Angriff bei Ticketkontrolle: 26-Jähriger stürzt aus Zug
Der 26-jährige Sicherheitsmitarbeiter war am Freitagabend gemeinsam mit einem Kollegen zu einer Ticketkontrolle in den Regionalzug auf der Strecke nach Karlsruhe gerufen worden. Nach Angaben der Staatsanwaltschaft wurde er von dem 36-jährigen Fahrgast attackiert. Der Angreifer schlug und trat auf den Mitarbeiter ein. In dessen Folge stürzte der 26-Jährige aus dem mit etwa 120 Kilometern pro Stunde fahrenden Zug und erlitt lebensgefährliche Verletzungen. Sein Zustand wird als stabil, aber weiterhin kritisch beschrieben.
Ursache der Türöffnung unklar: Technischer Sachverständiger eingeschaltet
Ein zentraler Punkt der Ermittlungen ist die Frage, warum sich die Zugtür während des Gerangels öffnete. Ein technischer Sachverständiger soll klären, weshalb die Tür nachgab. Nach bisherigen Erkenntnissen könnte die Tür während der Auseinandersetzung beschädigt worden sein, ohne dass dies bemerkt wurde.
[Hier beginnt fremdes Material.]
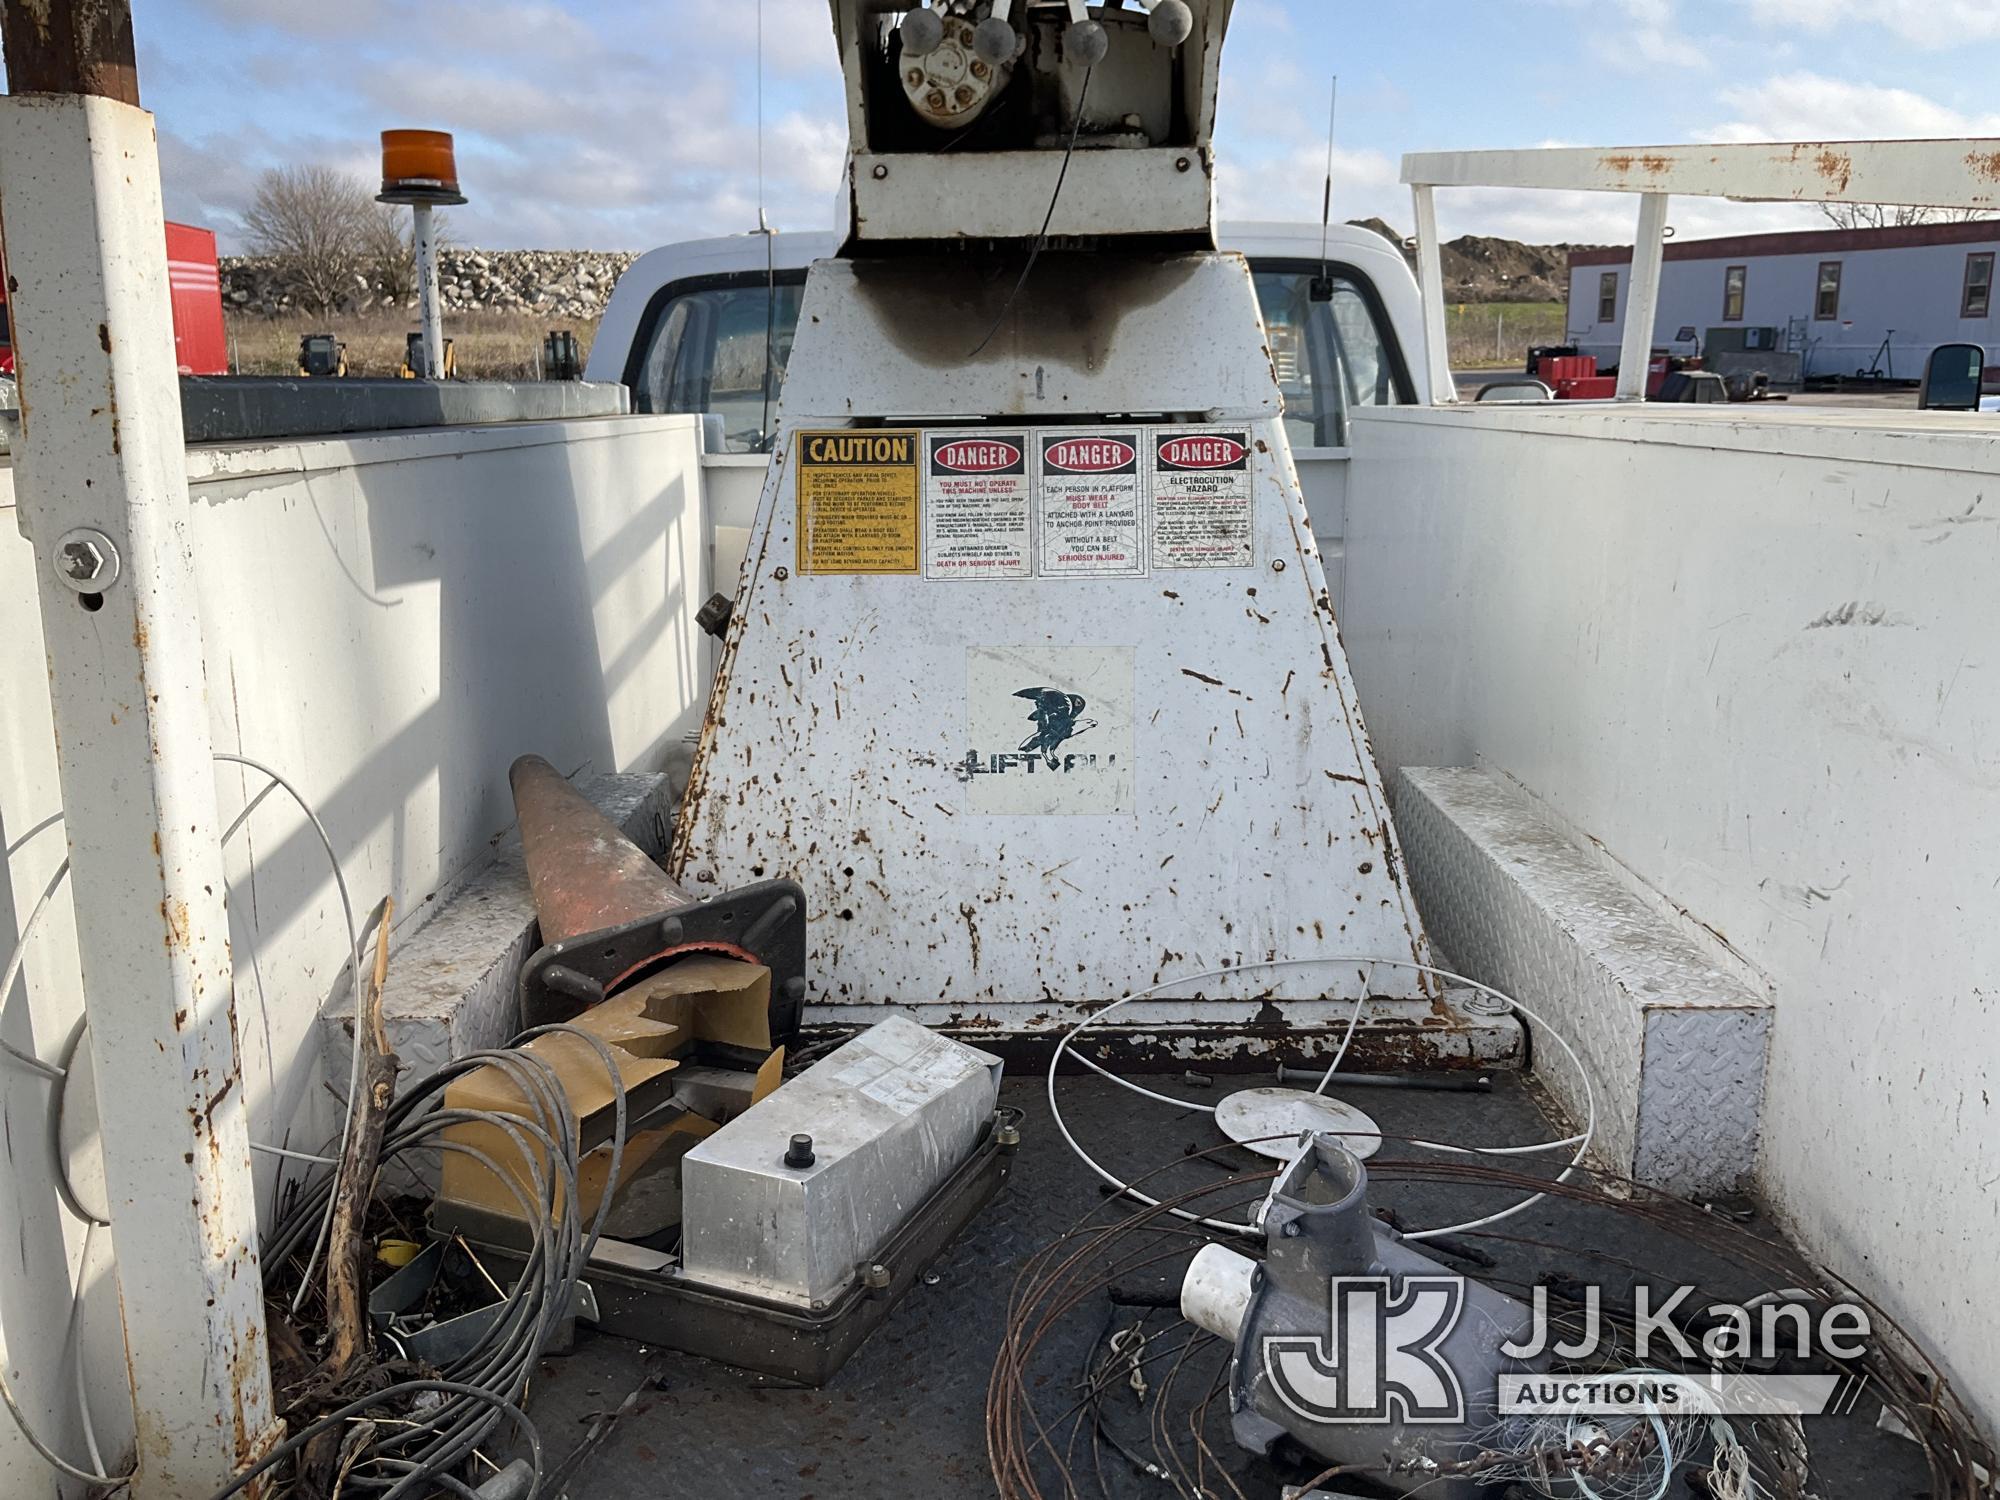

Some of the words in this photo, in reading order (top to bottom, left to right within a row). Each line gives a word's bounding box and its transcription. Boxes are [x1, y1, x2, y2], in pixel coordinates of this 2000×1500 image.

Die Deutsche Bahn stellte den Zug nach dem Vorfall für die Untersuchung zur Verfügung. „Wir unterstützen die Ermittlungen mit allen Kräften“, sagte eine Bahnsprecherin. Der Zugverkehr auf der betroffenen Strecke läuft wieder normal.
Tatverdächtiger vorbestraft und auf Bewährung
Der 36-jährige Tatverdächtige ist wegen Gewaltdelikten vorbestraft und befand sich zum Tatzeitpunkt auf Bewährung. Er soll mutmaßlich alkoholisiert gewesen sein. Die Staatsanwaltschaft Karlsruhe beantragte Untersuchungshaft wegen Körperverletzung, das Amtsgericht lehnte den Antrag jedoch ab. Eine Begründung des Gerichts liegt bislang nicht vor. Der Mann wurde wieder auf freien Fuß gesetzt. Die Ermittlungen zu dem Vorfall dauern an.